В том распадке, где звеня свирелью
лижет камни молодой ручей,
старый Пан когда-то встретил Фею,
и пропал как пошлый кур из щей.
Влажный мох пружинил под копытом,
мыла берег вечная вода,
и стоял он молоньёй пробитый
сам не свой от уха до хвоста.
А она веснянка-хохотушка
светлолика словно майский день,
убежала к ветреным подружкам
бросив: Жди на зорьке, старый пень.
День-деньской бродил он в чащах тёмных,
под ракитой время коротал.
И тонул в её глазах бездонных,
и летал.

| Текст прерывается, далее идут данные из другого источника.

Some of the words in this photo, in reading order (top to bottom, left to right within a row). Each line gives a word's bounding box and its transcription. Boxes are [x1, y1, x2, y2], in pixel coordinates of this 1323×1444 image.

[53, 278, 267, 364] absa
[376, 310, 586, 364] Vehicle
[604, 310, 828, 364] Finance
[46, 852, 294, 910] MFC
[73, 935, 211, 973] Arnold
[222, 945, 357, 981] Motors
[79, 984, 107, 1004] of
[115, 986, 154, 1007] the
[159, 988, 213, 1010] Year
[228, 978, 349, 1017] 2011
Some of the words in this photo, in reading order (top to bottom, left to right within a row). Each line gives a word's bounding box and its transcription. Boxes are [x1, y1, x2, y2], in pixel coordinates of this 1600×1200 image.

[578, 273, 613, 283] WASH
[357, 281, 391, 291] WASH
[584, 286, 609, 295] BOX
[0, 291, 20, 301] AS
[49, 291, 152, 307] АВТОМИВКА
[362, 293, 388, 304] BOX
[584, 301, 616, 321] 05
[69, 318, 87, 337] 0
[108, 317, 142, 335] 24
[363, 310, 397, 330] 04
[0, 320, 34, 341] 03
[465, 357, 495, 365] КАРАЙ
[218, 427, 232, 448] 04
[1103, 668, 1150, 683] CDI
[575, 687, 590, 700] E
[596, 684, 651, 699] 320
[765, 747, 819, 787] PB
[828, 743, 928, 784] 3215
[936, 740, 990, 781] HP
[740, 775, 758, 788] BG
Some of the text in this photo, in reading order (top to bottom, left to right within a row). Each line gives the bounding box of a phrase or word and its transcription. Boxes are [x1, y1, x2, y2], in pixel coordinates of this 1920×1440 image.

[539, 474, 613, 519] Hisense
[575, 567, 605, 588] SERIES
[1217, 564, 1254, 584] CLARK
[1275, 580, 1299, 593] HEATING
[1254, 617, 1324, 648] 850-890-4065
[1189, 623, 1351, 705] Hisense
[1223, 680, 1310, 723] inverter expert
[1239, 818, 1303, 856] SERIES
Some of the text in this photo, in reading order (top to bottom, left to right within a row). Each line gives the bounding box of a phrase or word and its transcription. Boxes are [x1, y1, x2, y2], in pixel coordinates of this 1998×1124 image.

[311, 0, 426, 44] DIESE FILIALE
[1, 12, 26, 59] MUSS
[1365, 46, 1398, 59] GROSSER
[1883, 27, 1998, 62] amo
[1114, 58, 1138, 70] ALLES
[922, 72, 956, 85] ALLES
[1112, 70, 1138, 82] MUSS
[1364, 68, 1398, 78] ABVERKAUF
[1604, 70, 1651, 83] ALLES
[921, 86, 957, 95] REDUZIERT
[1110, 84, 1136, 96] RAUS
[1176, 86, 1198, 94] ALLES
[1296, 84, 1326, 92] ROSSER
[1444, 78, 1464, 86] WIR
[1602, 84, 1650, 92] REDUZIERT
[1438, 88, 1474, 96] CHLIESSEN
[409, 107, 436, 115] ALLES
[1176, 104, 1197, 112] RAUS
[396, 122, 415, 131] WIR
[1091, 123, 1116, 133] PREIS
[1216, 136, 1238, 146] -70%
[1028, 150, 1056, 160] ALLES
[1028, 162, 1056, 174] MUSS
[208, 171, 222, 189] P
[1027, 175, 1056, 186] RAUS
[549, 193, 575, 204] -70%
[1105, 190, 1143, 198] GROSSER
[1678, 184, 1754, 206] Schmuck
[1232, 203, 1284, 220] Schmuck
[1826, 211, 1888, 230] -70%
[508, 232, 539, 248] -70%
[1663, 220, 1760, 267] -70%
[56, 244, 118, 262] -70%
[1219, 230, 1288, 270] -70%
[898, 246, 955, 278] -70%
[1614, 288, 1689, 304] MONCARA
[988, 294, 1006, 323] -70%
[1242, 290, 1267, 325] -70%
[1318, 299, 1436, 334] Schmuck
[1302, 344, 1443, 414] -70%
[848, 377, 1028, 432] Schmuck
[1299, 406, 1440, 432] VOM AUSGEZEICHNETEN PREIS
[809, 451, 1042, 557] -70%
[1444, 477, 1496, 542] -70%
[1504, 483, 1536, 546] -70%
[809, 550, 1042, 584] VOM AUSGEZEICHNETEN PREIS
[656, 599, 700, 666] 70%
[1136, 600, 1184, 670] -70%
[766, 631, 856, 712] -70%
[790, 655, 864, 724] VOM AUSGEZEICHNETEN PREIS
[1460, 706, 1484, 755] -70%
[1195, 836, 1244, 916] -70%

Ах, как же он летал!
А когда на небе месяц бойкий,
бросил луч в малиновый закат,
над рекой в плену вечерней зорьки
он стоял, волнением объят.
И она пришла, надеждам внемля,
рассмеялась звонко, как струна.
- Здравствуй, старче, чем кручинишь темя?
Оглянись, бирюк, кругом весна!
И не в силах сдерживать желанье,
чмокнув Пана в конопатый нос,
отдалась в его кривые длани,
и взорвался сумрак буйством роз.
Вздрогнул мир и лёг как пёс на брюхо,
замер ветер в таинстве ветвей.
Соловей выпрыгивал из пуха
и свистал почти как соловей!
Вот и вся нелепая рассказка,
небо в небе, твердь всегда лишь твердь.
О любови сей, что вобщем сказка,
помнят только камыши да ряска,
да река бессмертная, как смерть.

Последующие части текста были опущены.